What to do: Below are entries to reproduce exactly, apart from their pictures.

Referring expression grounding data
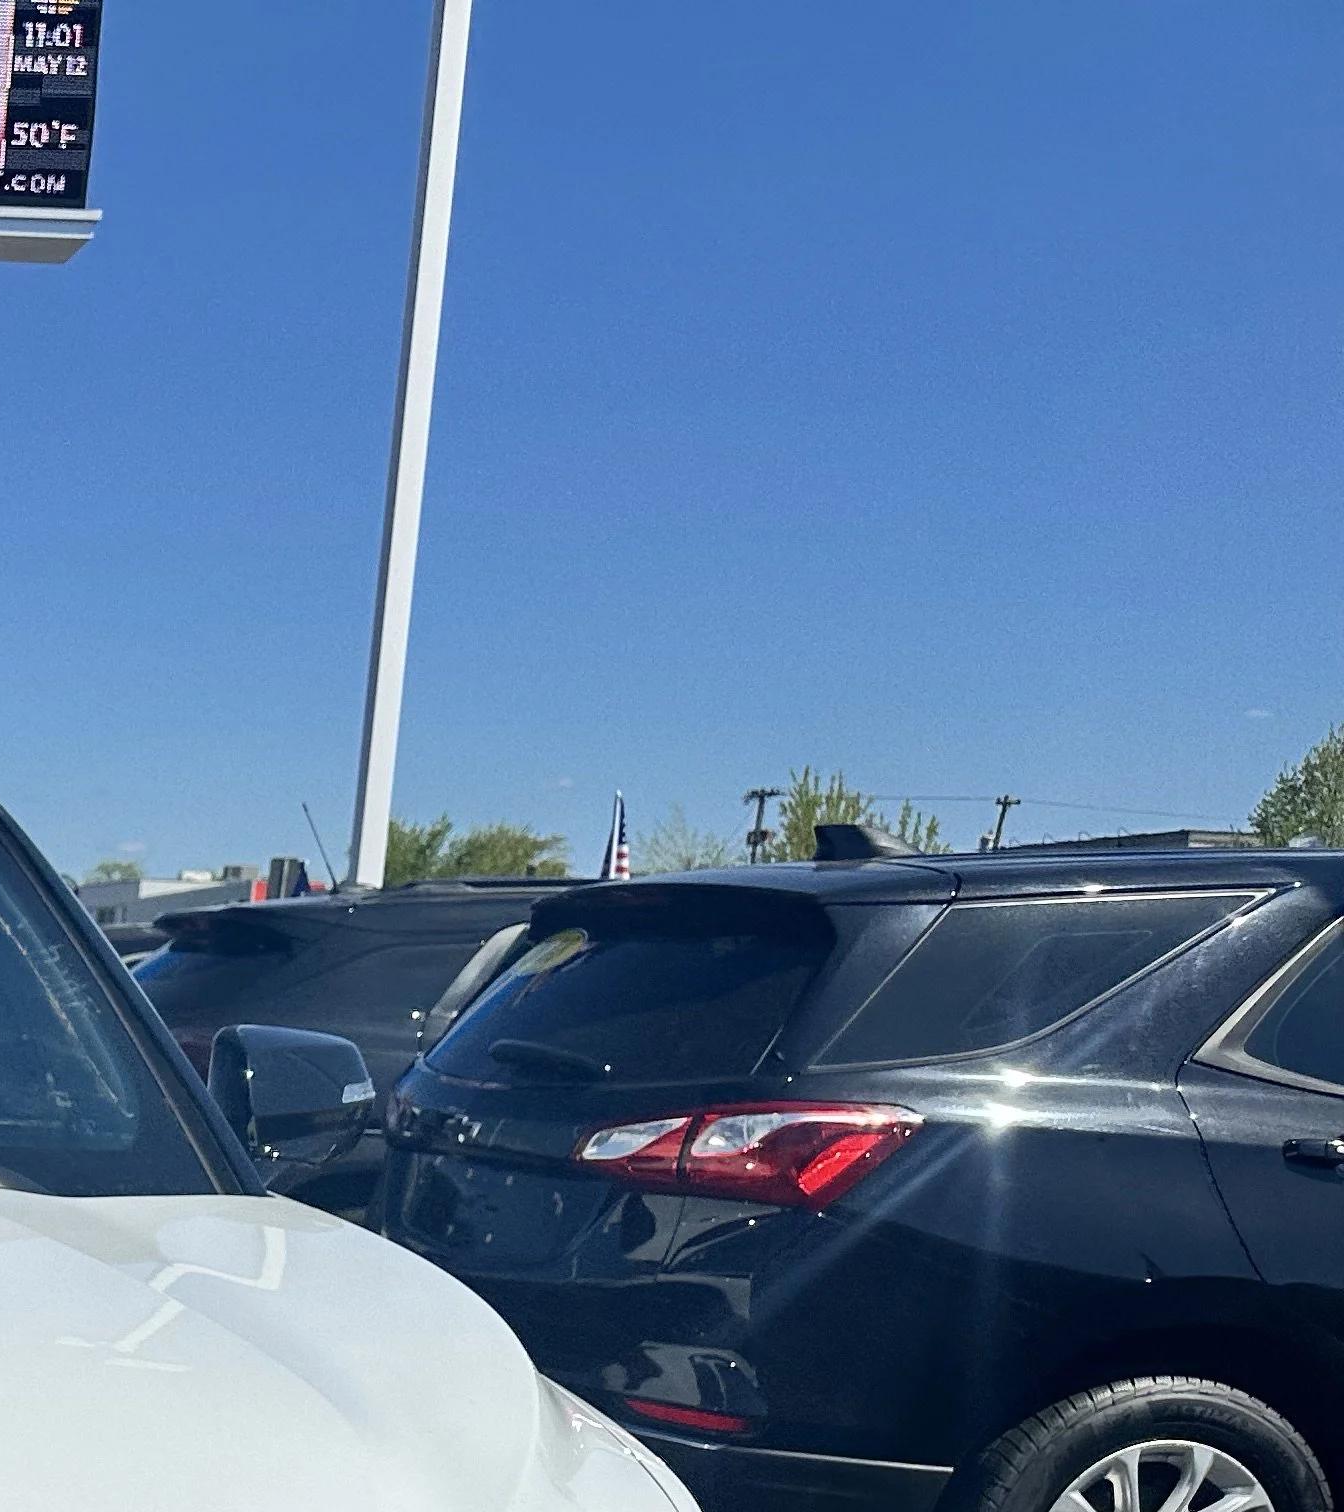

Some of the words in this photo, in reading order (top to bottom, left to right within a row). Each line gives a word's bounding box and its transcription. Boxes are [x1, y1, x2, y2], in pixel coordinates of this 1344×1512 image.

[23, 21, 84, 48] 11:01
[13, 54, 62, 75] MAY
[65, 55, 88, 76] 12
[11, 120, 78, 149] 50°F
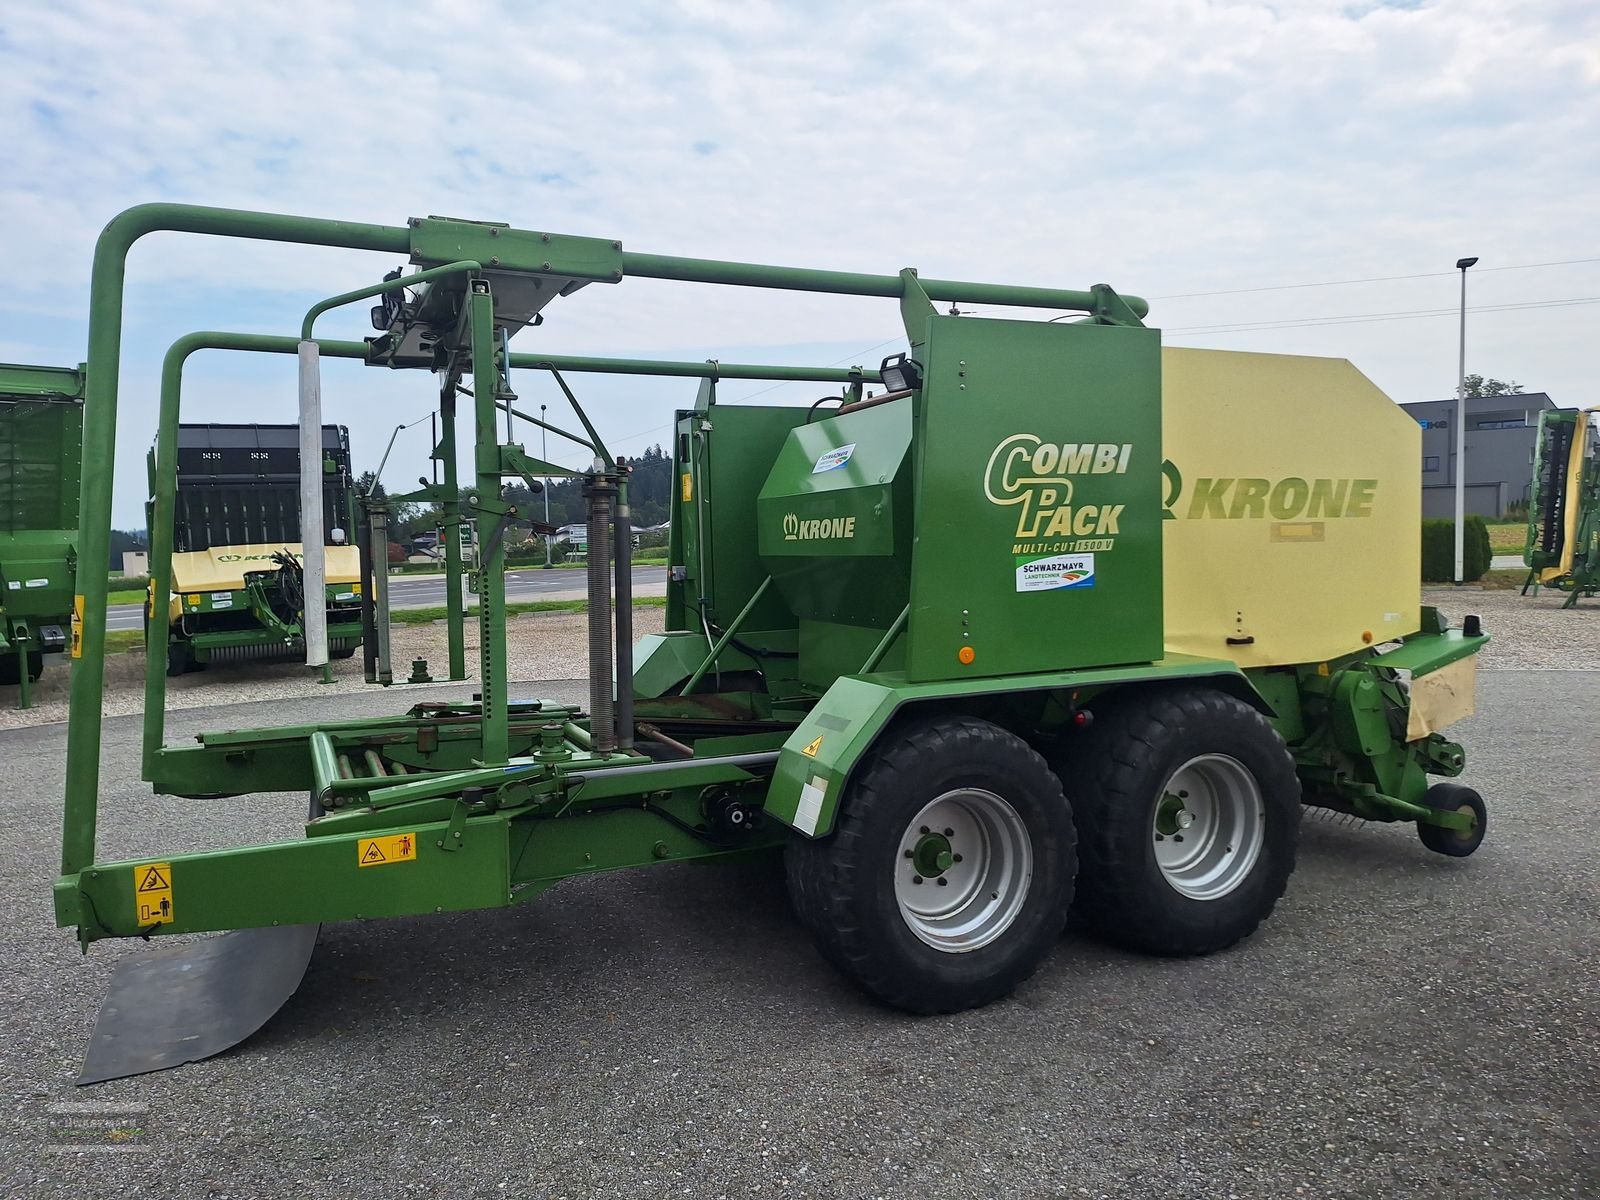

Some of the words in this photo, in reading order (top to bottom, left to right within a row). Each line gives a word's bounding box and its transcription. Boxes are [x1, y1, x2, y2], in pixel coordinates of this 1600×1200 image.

[983, 433, 1133, 506] COMBI
[1015, 478, 1126, 538] PACK
[1186, 477, 1379, 520] KRONE
[798, 516, 856, 540] KRONE
[1012, 541, 1076, 554] MULTI-CUT
[1077, 540, 1102, 551] 1500
[1023, 562, 1084, 573] SCHWARZMAYR
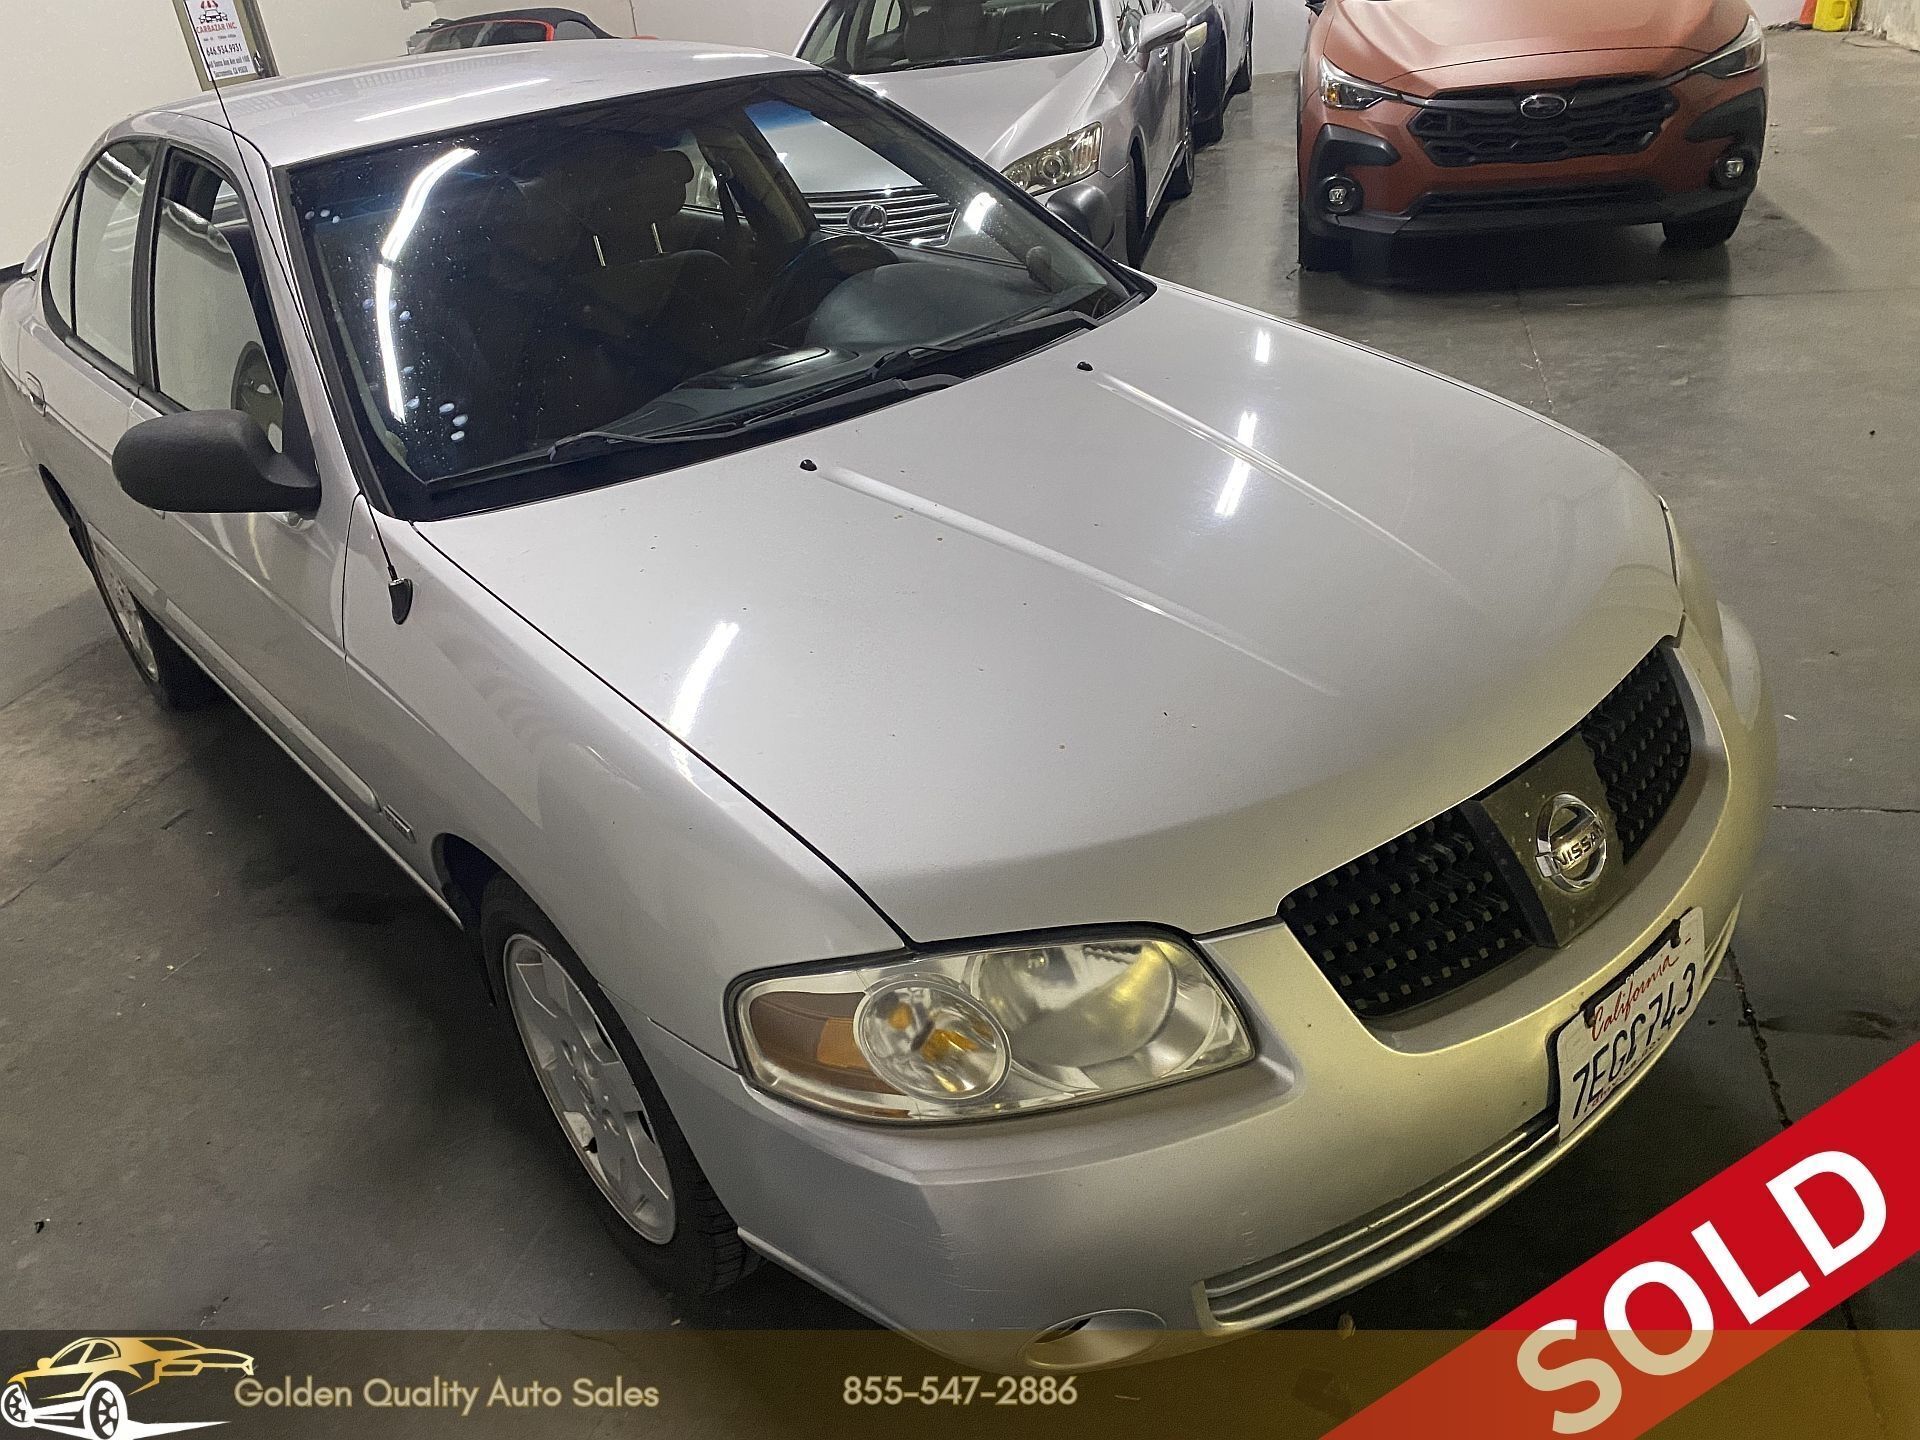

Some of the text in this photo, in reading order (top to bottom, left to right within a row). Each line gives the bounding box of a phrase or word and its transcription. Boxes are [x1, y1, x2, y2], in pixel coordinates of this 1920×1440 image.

[196, 23, 226, 34] CARBAZAR
[1552, 821, 1604, 871] NISSAN
[1591, 954, 1680, 1041] California
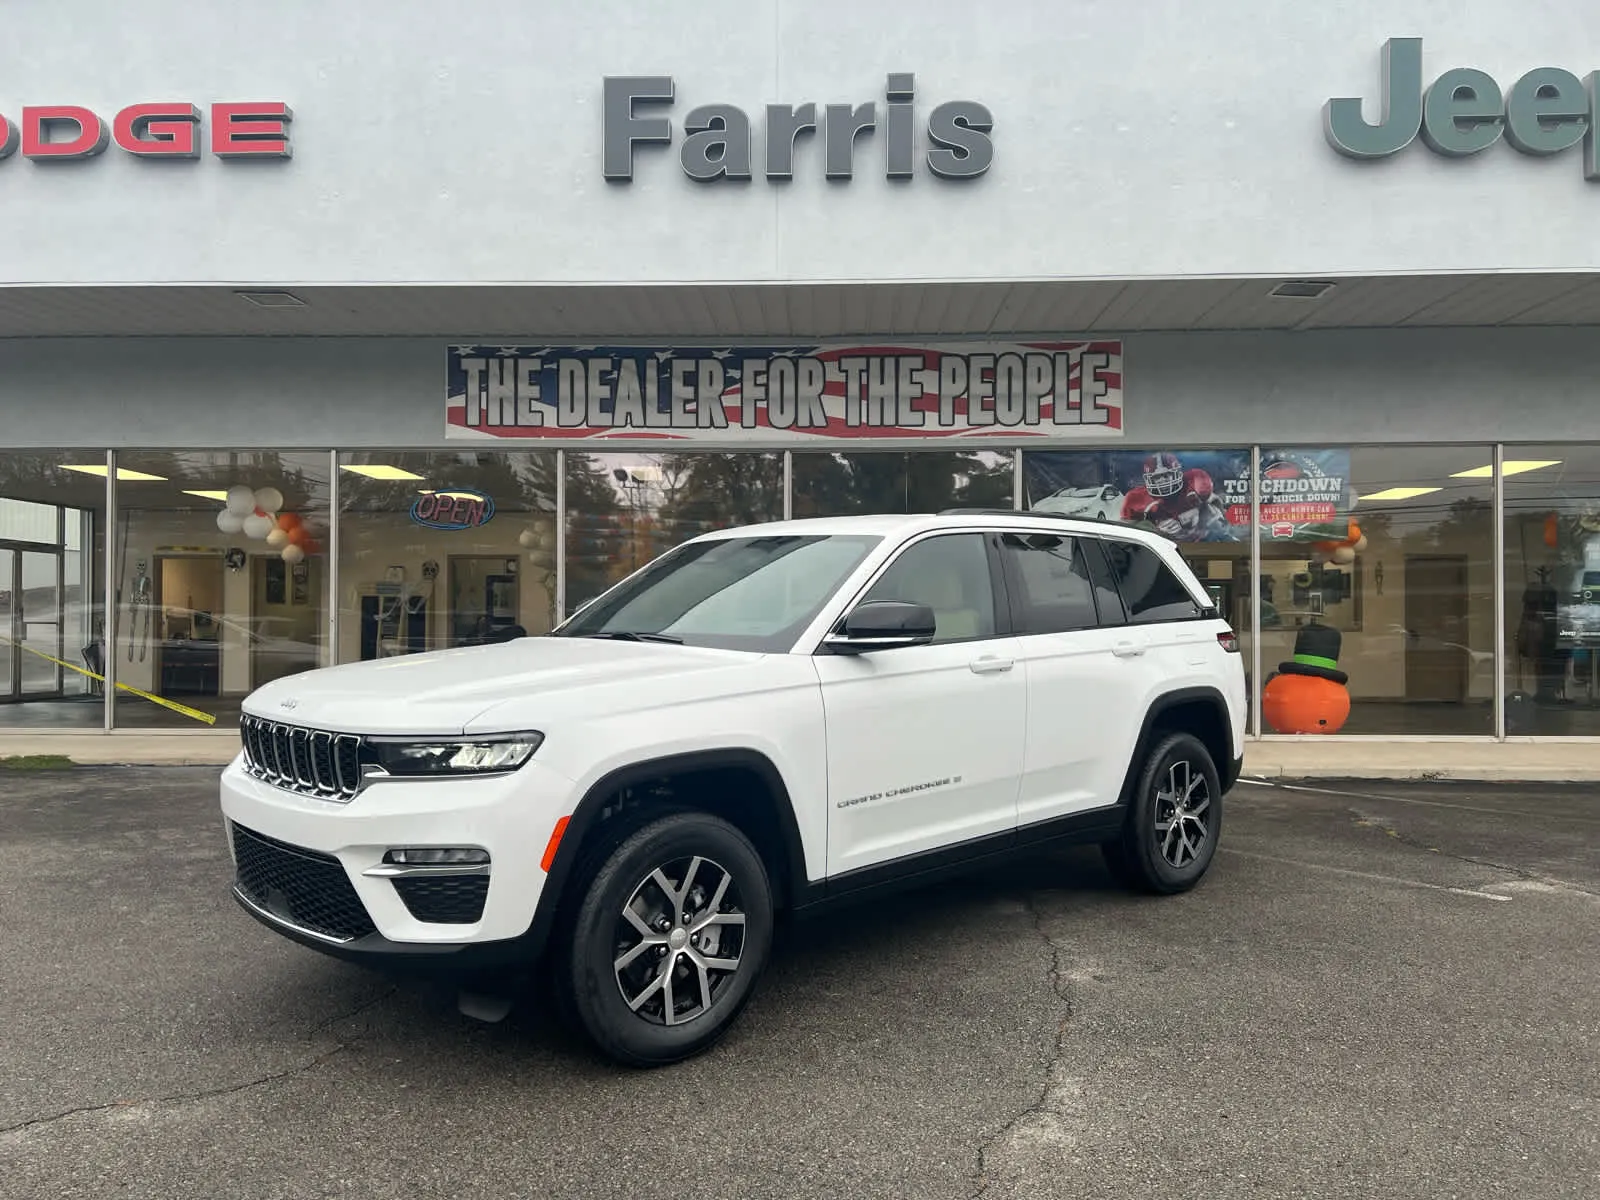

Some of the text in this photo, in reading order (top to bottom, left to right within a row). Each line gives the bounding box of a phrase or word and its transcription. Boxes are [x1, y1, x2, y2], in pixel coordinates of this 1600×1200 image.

[0, 102, 293, 160] DGE
[602, 73, 993, 182] Farris
[1322, 38, 1600, 181] Jee
[460, 352, 1109, 430] THE DEALER FOR THE PEOPLE
[1224, 478, 1342, 493] TOCHDOWN
[1225, 495, 1245, 503] FOR
[1273, 494, 1303, 503] MUCH
[1307, 493, 1341, 501] DOWN!
[417, 493, 486, 528] OPEN
[836, 778, 950, 809] GRAND CHEROKEE

Solution to this task:
Some of the words in this photo, in reading order (top to bottom, left to right within a row). Each line gives a word's bounding box and its transcription. Boxes are [x1, y1, x2, y2], in pixel coordinates of this 1344×1512 image.

[23, 21, 84, 48] 11:01
[13, 54, 62, 75] MAY
[65, 55, 88, 76] 12
[11, 120, 78, 149] 50°F

Some of the words in this photo, in reading order (top to bottom, left to right within a row). Each line gives a word's bounding box and its transcription. Boxes are [x1, y1, x2, y2], in pixel coordinates of this 1600×1200 image.

[983, 433, 1133, 506] COMBI
[1015, 478, 1126, 538] PACK
[1186, 477, 1379, 520] KRONE
[798, 516, 856, 540] KRONE
[1012, 541, 1076, 554] MULTI-CUT
[1077, 540, 1102, 551] 1500
[1023, 562, 1084, 573] SCHWARZMAYR

Some of the text in this photo, in reading order (top to bottom, left to right within a row). Each line gives the bounding box of a phrase or word and its transcription. Boxes are [x1, y1, x2, y2], in pixel coordinates of this 1920×1440 image.

[196, 23, 226, 34] CARBAZAR
[1552, 821, 1604, 871] NISSAN
[1591, 954, 1680, 1041] California

Some of the text in this photo, in reading order (top to bottom, left to right within a row). Each line gives the bounding box of a phrase or word and its transcription. Boxes are [x1, y1, x2, y2], in pixel coordinates of this 1600×1200 image.

[0, 102, 293, 160] DGE
[602, 73, 993, 182] Farris
[1322, 38, 1600, 181] Jee
[460, 352, 1109, 430] THE DEALER FOR THE PEOPLE
[1224, 478, 1342, 493] TOCHDOWN
[1225, 495, 1245, 503] FOR
[1273, 494, 1303, 503] MUCH
[1307, 493, 1341, 501] DOWN!
[417, 493, 486, 528] OPEN
[836, 778, 950, 809] GRAND CHEROKEE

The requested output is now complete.